Not only did I form an attachment to Nell, I also did to her 90-seconds-older twin brother, Luke. Luke is a heroin addict in and out of rehab. Watching his struggle was difficult, seeing how badly he wanted to come clean and how hard it was for him wasn’t the easiest thing to witness. In their childhood, Luke was the only person who believed Nell with the things she was seeing. 
Theo - Theo was the second oldest sister. She had some sort of psychic power where when she touched things or people with her bare hands, she’d know stuff. So she always wore gloves. I particularly admired Theo, she used her ‘power’ for good but didn’t let people take advantage of her. She was a strong character and possibly my favourite in the whole season. Her actress captured her perfectly, plus, she was incredibly pretty. There’s a moment where she breaks down to her sister, Shirley. Shirley is mad at her for trying to sleep with her husband when that isn’t what happened. Theo had touched Nell after she died and with her psychic ability, she was consumed by a dark emptiness. The way she got out of it was embracing her sister’s husband in the dark. The way Theo broke down talking about what happened, it was powerful and one of the best performances of the whole show.
Steve - Steve was the oldest of all the siblings. I strongly disliked him. He never believed anything Nell or his mum said, he was completely in denial about everything and as an adult, he just had a horrid attitude. He was too quick to call his family crazy, while at the same time writing their stories in books and making a big profit off of it despite not believing any of it.

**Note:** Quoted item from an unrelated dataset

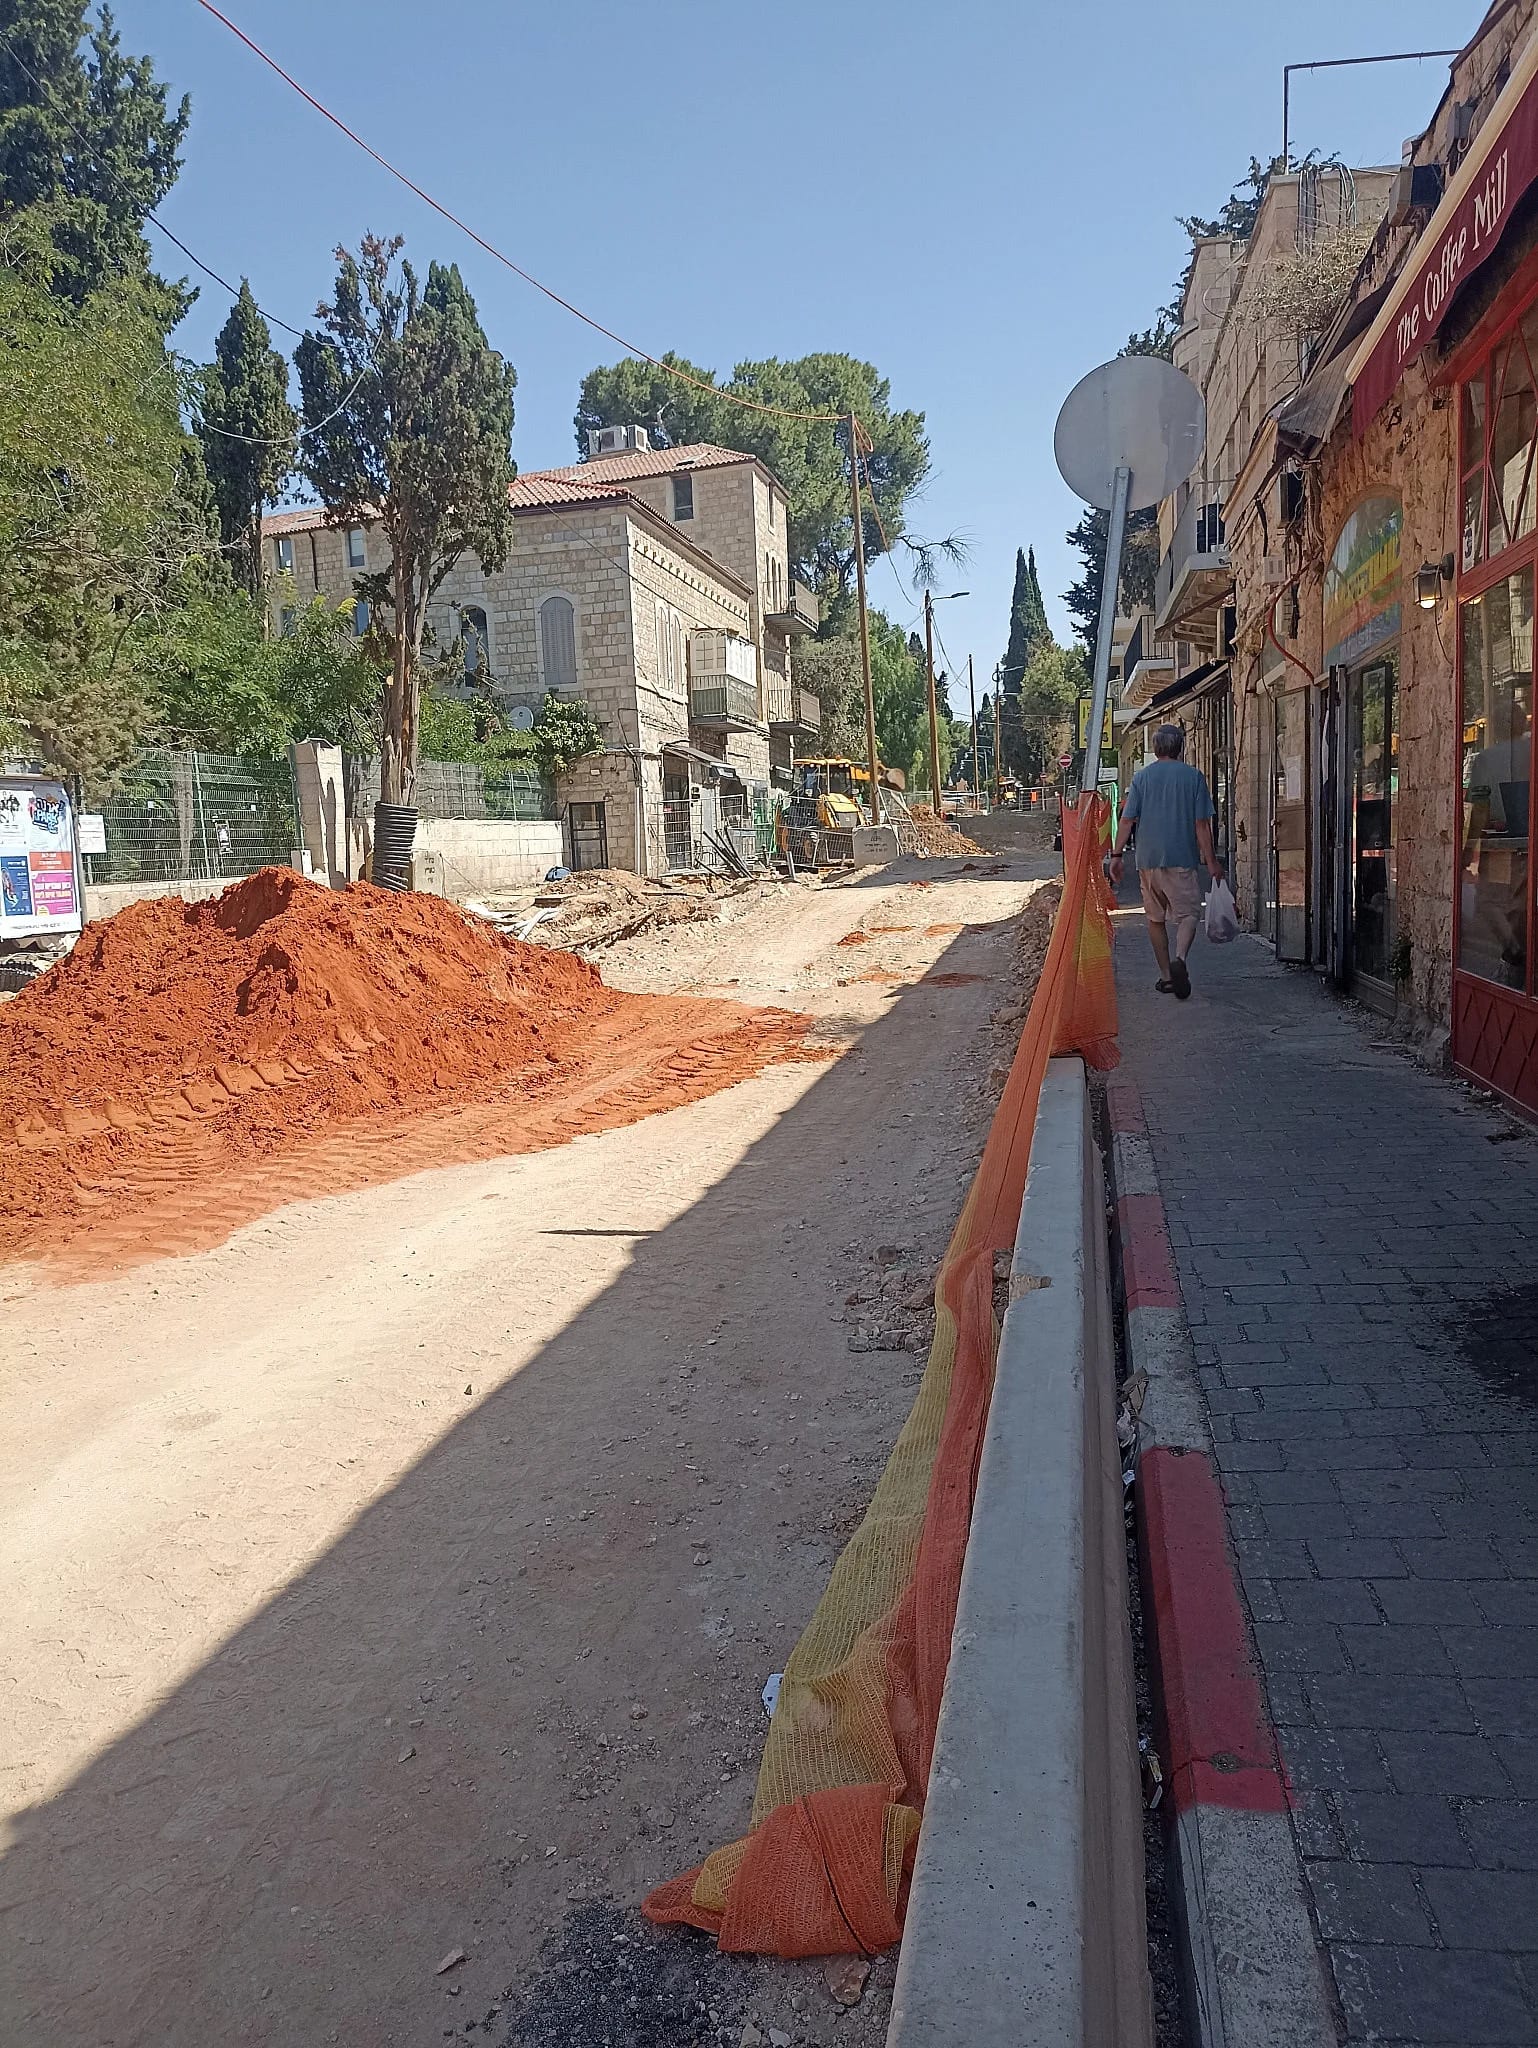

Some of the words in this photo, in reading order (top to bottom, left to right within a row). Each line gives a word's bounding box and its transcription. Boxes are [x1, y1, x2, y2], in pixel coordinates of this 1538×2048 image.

[1397, 303, 1420, 363] The
[1424, 226, 1467, 322] Coffee
[1472, 148, 1508, 251] Mill

Only in the last ten minutes or so did I even slightly like Steve. I feel his character was badly written, it is no fault of the actor that I didn’t like him. He didn’t contribute much to the story other than the fact his character wrote the book about it - but the story would have been the same without the book existing, so again, didn’t contribute. 
Shirley - I don’t really have much to say about Shirley. She’s the least touched upon character. I didn’t particularly like her as I thought she was rude and dull. She also didn’t contribute much to the story and was just being negative a lot of the time. I felt for her when she had to embalm her sister, although for quite a while she didn’t show any emotion to it which I didn’t like but I see why they did it. 
The red room - The red room is a room in the house that no one could get into. Even with the skeleton key, it couldn’t be opened. They tried busting the door open and still couldn’t get in. The red room comes up a lot throughout the show. I like the mystery about the red room, although I don’t really get the ending to it. Apparently, they were all in the red room. For the mum it was a reading room, for Shirley it was a family room, for Theo it was a dance room, for Luke it was a treehouse, for Steve it was a games room and for Nelly it was a toy room. How none of them realised this, I do not know. Towards the end they all see that room for what it is, but I don’t really get how it was all these different rooms for the whole family. What if Nell wanted to be in the toy room and Steve wanted to be in the games room both at the same time? They don’t really explain this very well, I would like to know more. Quite at the beginning, Shirley has the skeleton key and she’s rattling the door handle trying to get in, Theo is in her dance room and her door handle rattles, even though Theo isn’t behind that exact door at the time it’s two seperate rooms and the children can’t hear eachother through the door... Explain!!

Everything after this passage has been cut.